- Work to complete
Output all of the data below exactly as given.

───── Working data

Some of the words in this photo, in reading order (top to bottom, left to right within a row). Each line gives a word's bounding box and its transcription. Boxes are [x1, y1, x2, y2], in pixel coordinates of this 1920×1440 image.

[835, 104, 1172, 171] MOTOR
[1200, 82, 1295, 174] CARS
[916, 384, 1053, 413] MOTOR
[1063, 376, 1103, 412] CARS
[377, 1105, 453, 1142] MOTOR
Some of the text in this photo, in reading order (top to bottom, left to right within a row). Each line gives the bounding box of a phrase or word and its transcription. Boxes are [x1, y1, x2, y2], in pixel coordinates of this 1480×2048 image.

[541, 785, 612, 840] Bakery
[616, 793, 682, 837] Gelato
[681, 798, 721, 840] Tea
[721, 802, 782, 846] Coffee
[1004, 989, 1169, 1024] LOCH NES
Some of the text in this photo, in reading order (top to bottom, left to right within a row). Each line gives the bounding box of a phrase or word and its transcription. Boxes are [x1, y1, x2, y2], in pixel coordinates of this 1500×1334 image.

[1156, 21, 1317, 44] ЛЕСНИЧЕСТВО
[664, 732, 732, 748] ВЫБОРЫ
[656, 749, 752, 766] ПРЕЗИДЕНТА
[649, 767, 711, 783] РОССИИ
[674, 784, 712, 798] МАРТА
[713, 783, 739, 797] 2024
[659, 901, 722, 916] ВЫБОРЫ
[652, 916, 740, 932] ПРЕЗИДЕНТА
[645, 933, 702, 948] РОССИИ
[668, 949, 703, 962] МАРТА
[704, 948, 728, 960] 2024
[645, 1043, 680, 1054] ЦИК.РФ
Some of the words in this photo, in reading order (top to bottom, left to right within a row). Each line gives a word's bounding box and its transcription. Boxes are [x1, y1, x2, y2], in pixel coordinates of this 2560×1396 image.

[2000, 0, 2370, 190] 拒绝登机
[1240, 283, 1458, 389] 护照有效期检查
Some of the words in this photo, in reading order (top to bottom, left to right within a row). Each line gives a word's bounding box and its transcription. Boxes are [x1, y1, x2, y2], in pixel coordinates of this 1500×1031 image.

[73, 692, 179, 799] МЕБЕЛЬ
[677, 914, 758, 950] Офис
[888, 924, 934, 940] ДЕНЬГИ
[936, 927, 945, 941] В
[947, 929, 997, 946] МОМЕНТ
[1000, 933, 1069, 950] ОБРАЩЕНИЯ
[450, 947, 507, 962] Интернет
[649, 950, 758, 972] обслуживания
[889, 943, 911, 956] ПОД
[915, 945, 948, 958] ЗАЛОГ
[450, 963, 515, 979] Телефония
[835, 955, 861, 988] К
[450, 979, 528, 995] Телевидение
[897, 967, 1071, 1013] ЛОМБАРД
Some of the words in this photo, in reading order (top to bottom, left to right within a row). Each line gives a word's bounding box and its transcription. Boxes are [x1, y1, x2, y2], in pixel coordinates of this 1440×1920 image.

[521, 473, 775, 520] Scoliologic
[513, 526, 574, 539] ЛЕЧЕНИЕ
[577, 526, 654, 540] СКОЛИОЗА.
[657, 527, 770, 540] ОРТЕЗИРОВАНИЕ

──────────

- Written solution
Some of the words in this photo, in reading order (top to bottom, left to right within a row). Each line gives a word's bounding box and its transcription. Boxes are [x1, y1, x2, y2], in pixel coordinates of this 1920×1440 image.

[835, 104, 1172, 171] MOTOR
[1200, 82, 1295, 174] CARS
[916, 384, 1053, 413] MOTOR
[1063, 376, 1103, 412] CARS
[377, 1105, 453, 1142] MOTOR
Some of the text in this photo, in reading order (top to bottom, left to right within a row). Each line gives the bounding box of a phrase or word and its transcription. Boxes are [x1, y1, x2, y2], in pixel coordinates of this 1480×2048 image.

[541, 785, 612, 840] Bakery
[616, 793, 682, 837] Gelato
[681, 798, 721, 840] Tea
[721, 802, 782, 846] Coffee
[1004, 989, 1169, 1024] LOCH NES
Some of the text in this photo, in reading order (top to bottom, left to right within a row). Each line gives the bounding box of a phrase or word and its transcription. Boxes are [x1, y1, x2, y2], in pixel coordinates of this 1500×1334 image.

[1156, 21, 1317, 44] ЛЕСНИЧЕСТВО
[664, 732, 732, 748] ВЫБОРЫ
[656, 749, 752, 766] ПРЕЗИДЕНТА
[649, 767, 711, 783] РОССИИ
[674, 784, 712, 798] МАРТА
[713, 783, 739, 797] 2024
[659, 901, 722, 916] ВЫБОРЫ
[652, 916, 740, 932] ПРЕЗИДЕНТА
[645, 933, 702, 948] РОССИИ
[668, 949, 703, 962] МАРТА
[704, 948, 728, 960] 2024
[645, 1043, 680, 1054] ЦИК.РФ
Some of the words in this photo, in reading order (top to bottom, left to right within a row). Each line gives a word's bounding box and its transcription. Boxes are [x1, y1, x2, y2], in pixel coordinates of this 2560×1396 image.

[2000, 0, 2370, 190] 拒绝登机
[1240, 283, 1458, 389] 护照有效期检查
Some of the words in this photo, in reading order (top to bottom, left to right within a row). Each line gives a word's bounding box and its transcription. Boxes are [x1, y1, x2, y2], in pixel coordinates of this 1500×1031 image.

[73, 692, 179, 799] МЕБЕЛЬ
[677, 914, 758, 950] Офис
[888, 924, 934, 940] ДЕНЬГИ
[936, 927, 945, 941] В
[947, 929, 997, 946] МОМЕНТ
[1000, 933, 1069, 950] ОБРАЩЕНИЯ
[450, 947, 507, 962] Интернет
[649, 950, 758, 972] обслуживания
[889, 943, 911, 956] ПОД
[915, 945, 948, 958] ЗАЛОГ
[450, 963, 515, 979] Телефония
[835, 955, 861, 988] К
[450, 979, 528, 995] Телевидение
[897, 967, 1071, 1013] ЛОМБАРД
Some of the words in this photo, in reading order (top to bottom, left to right within a row). Each line gives a word's bounding box and its transcription. Boxes are [x1, y1, x2, y2], in pixel coordinates of this 1440×1920 image.

[521, 473, 775, 520] Scoliologic
[513, 526, 574, 539] ЛЕЧЕНИЕ
[577, 526, 654, 540] СКОЛИОЗА.
[657, 527, 770, 540] ОРТЕЗИРОВАНИЕ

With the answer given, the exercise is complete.